## What is expected
Each entry below should be printed exactly, with every image left out.

## Listed entries
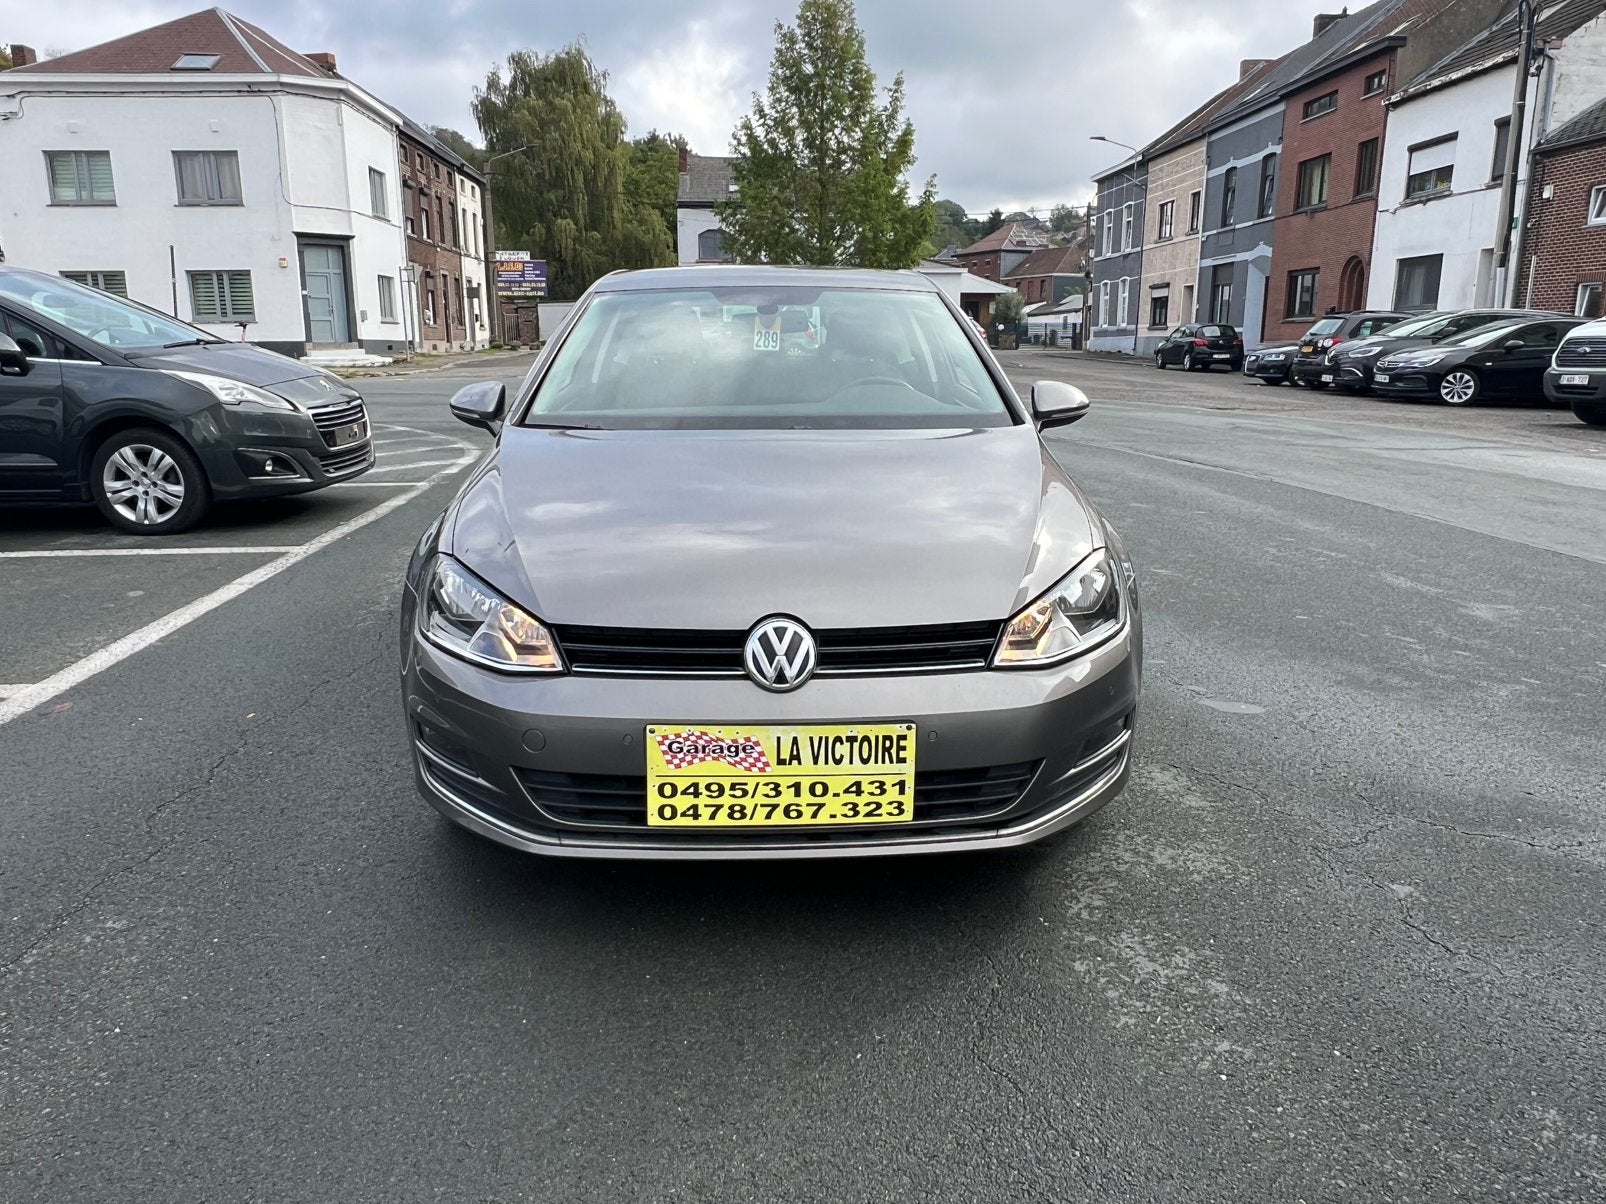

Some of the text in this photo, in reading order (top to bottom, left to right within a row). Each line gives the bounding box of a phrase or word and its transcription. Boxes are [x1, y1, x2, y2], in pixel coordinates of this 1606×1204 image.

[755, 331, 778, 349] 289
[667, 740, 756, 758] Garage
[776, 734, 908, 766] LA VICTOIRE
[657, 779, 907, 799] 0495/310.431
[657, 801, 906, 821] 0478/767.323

## Solution to this task
Some of the text in this photo, in reading order (top to bottom, left to right within a row). Each line gives the bounding box of a phrase or word and its transcription. Boxes are [x1, y1, x2, y2], in pixel coordinates of this 1606×1204 image.

[755, 331, 778, 349] 289
[667, 740, 756, 758] Garage
[776, 734, 908, 766] LA VICTOIRE
[657, 779, 907, 799] 0495/310.431
[657, 801, 906, 821] 0478/767.323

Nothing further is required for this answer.